Desperate Passage Read online

Page 3


  At 2:00 P.M. the emigrants formed into a funeral procession and marched solemnly to the grave. They sang a hymn—"with much pathos and expression," Bryant noted—and then, gathered beneath the oak boughs, listened to a sermon by a Presbyterian minister along on the journey. Like any good preacher, he tailored his message to his audience. "Trouble yourselves not about those that sleep," he urged, taking as his biblical text the Book of Thessalonians. It was important, he said, to seek a "better country," a place without sickness, like the place where Keyes now rested. George McKinstry, a sickly Mississippi merchant heading west for his health, wrote in his diary that it had been a "sensible sermon." That was true, and the reasons were more than theological. In a race against time amid a great wilderness, the pioneers standing bareheaded at the grave of Sarah Keyes would do well to hustle along toward the better country they were seeking, not tarry over the old woman they had just laid to rest.

  ***

  THE NEXT MORNING THE RIVER was still running high, too high to ford, and the men returned to building a raft for the wagons. They chopped down two more cottonwoods and hollowed them out to make huge canoes, at least twenty-five feet long and close to four feet wide. Then they laid a cross-frame over the tops of the two craft, creating a platform on which the wagons could be taken over. When it was ready to be launched, they named the raft the "Blue River Rover" and shouldered it out into the swift current. When it stayed afloat, cheers erupted.

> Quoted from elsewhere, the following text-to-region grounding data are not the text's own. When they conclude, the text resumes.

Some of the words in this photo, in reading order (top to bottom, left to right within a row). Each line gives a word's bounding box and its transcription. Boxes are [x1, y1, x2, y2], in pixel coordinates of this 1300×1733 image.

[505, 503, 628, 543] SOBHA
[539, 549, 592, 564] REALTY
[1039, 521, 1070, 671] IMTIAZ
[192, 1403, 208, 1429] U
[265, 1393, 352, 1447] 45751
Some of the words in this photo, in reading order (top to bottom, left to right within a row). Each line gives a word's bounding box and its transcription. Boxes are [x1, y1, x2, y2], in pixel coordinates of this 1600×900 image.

  They crossed nine wagons that day and were up early the next morning to continue the job. In the afternoon a cold wind blew in from the northwest, and as the temperature dropped rain began to fall. Many of the men were standing in the river working the raft from bank to bank with ropes, holding their footing against a current strong enough to knock a man down, and the brutal conditions began to take their toll. Two normally affable men got into a fistfight, even drawing knives, although peacemakers stepped in before anyone was seriously hurt. The last wagon finally crossed about 9:00 P.M., and they made camp in a brake of trees on the western side of the river, but with the cold and the wet and the exhaustion, many men were shivering violently by the time they reached their tents. They were back on the trail the following morning, but between the funeral and the raft-building, more than five days had been lost, time in which a lucky train might make seventy-five miles.

  Cold north winds began to blow relentlessly, forcing the men to bundle up in overcoats, the women in shawls. Some of those who had been riding in the wagons started walking, the better to stay warm. Then, almost overnight, a heat wave struck, and people started looking forward to the shade of their tents or a cooling breeze. On the open prairie, Bryant wrote, the heat could be "excessively oppressive."

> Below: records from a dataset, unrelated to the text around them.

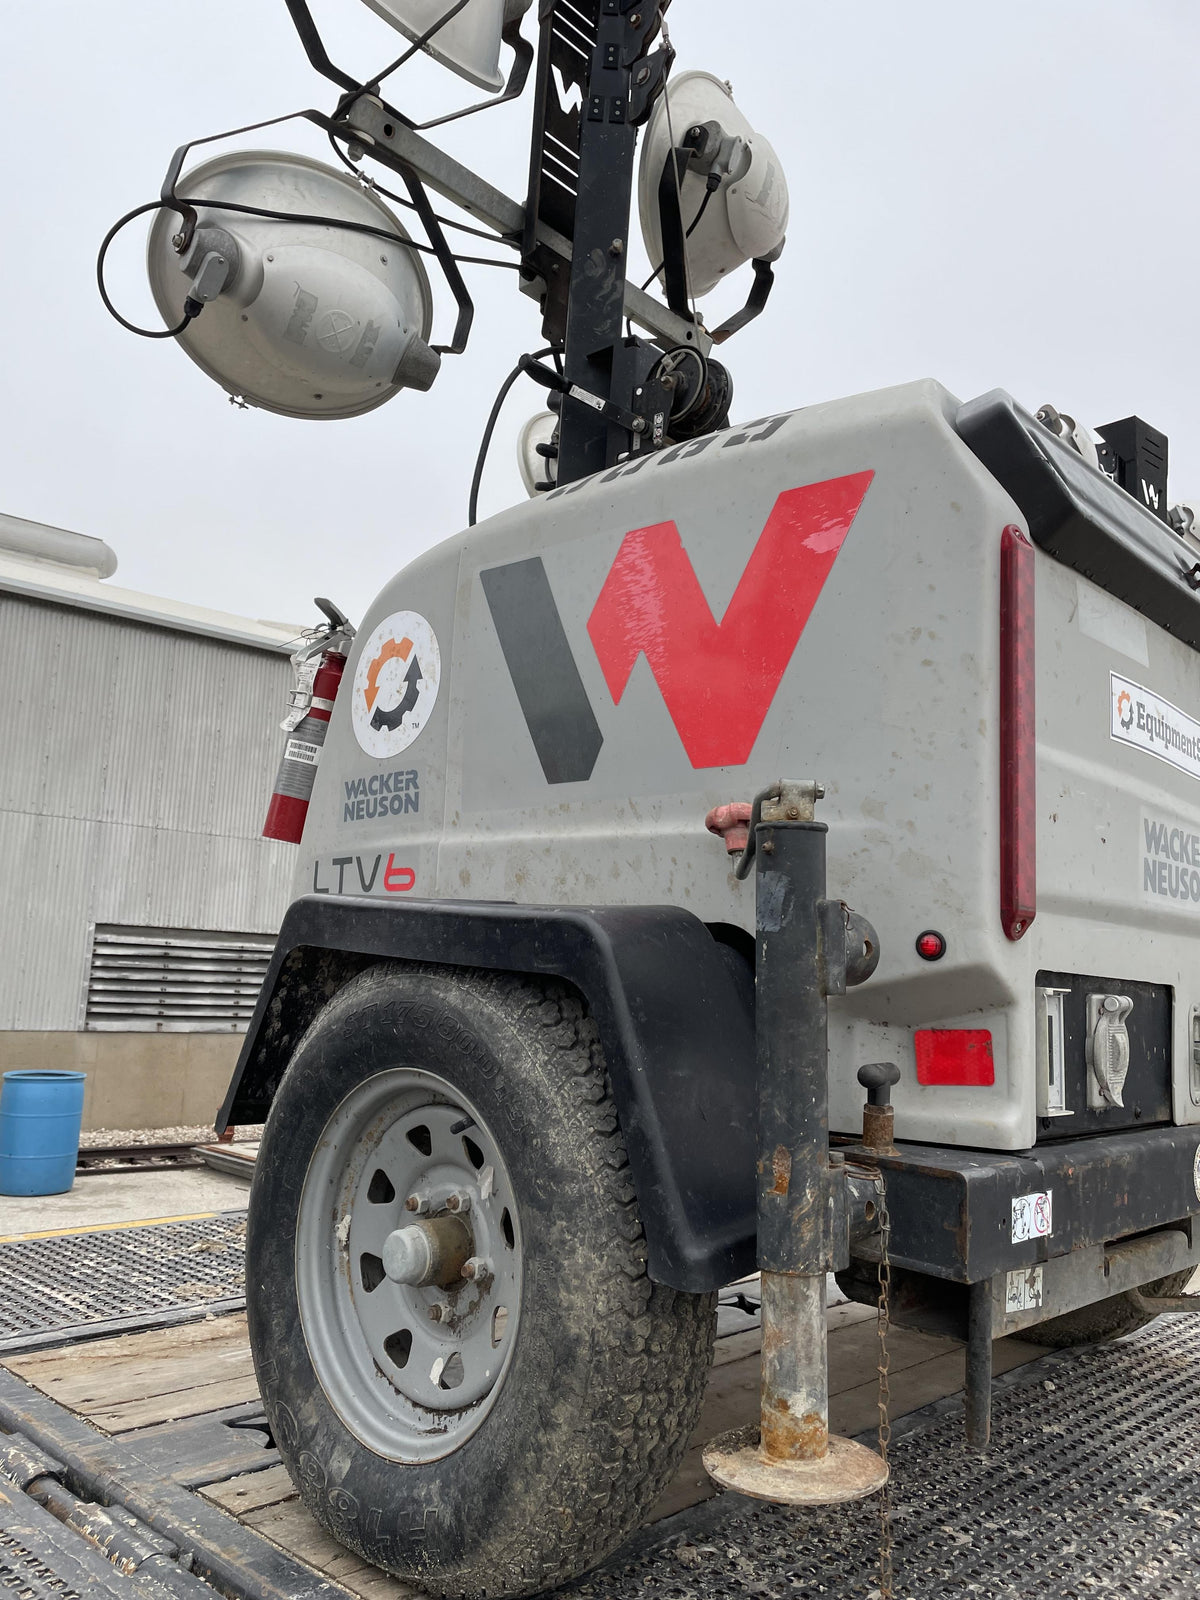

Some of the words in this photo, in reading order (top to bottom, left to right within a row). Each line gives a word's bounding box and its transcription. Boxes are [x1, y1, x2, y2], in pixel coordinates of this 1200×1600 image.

[344, 769, 420, 800] WACKER
[343, 791, 419, 822] NEUSON
[1143, 818, 1200, 868] WACKE
[313, 853, 416, 894] LTV6
[1143, 857, 1200, 903] NEUSO

  But they were making good distances across the tabletop flatlands of southern Nebraska, or at least good distances for a journey that occurred at the pace of an ox—fifteen to twenty miles a day. In early June they reached the first milestone of their trip: the Platte River. Too shallow for navigation, the Platte had been useless to trappers and fur traders, who used heavy keelboats to carry their supplies upriver and their spoils down. But for emigrants, the Platte was perfect—a gentle, unmistakable byway that pointed directly at an important pass in the Rocky Mountains. In the era of the wagon trains, the Platte, which pours down out of the Rockies and traverses the length of modern Nebraska before emptying into the Missouri, was the great highway of the West.

  The Donners and the Reeds and their companions encountered it about at the site of modern-day Kearney, Nebraska, where they turned west and began working their way upstream along the south bank.

  On June 12, Reed shot the first elk taken by the company. Hunters had seen some antelope, but the fleet-footed animals were too fast for most of the horses, and it was hard to get within range. As a result, the meat in the emigrants' diet had been mostly the salted supplies they had purchased in Independence, and the tender, fatty flesh of Reed's elk was welcome.

  The next day, Reed lost a little of his glory when two other men rode back from a hunt with fresh buffalo steaks. Reaching the buffalo herds was always a notable occasion for the westward emigrants, many of whom had never seen the great animals before. "If we had found a gold mine," one man wrote during the Gold Rush, "there could not have been a greater commotion." Not surprisingly, Reed's fellow hunters were feted as heroes in camp, and in a letter back home Reed made plain his feelings about their success. The men were hailed as "the best buffalo hunters on the road—perfect 'stars.' " Reed, on the other hand, was thought a greenhorn, a "Sucker." The other men set out again, and the camp was full of talk that they would bring back more of the prized buffalo meat. When Reed organized his own party, almost no one wanted to go along. The snub rankled, and Reed decided to prove both himself and his horse:

  And now, as perfectly green as I was I had to compete with old experienced hunters, and remove the stars from their brows; which was my greatest ambition, and in order too, that they might see that a Sucker had the best horse in the company, and the best and most daring horseman in the caravan.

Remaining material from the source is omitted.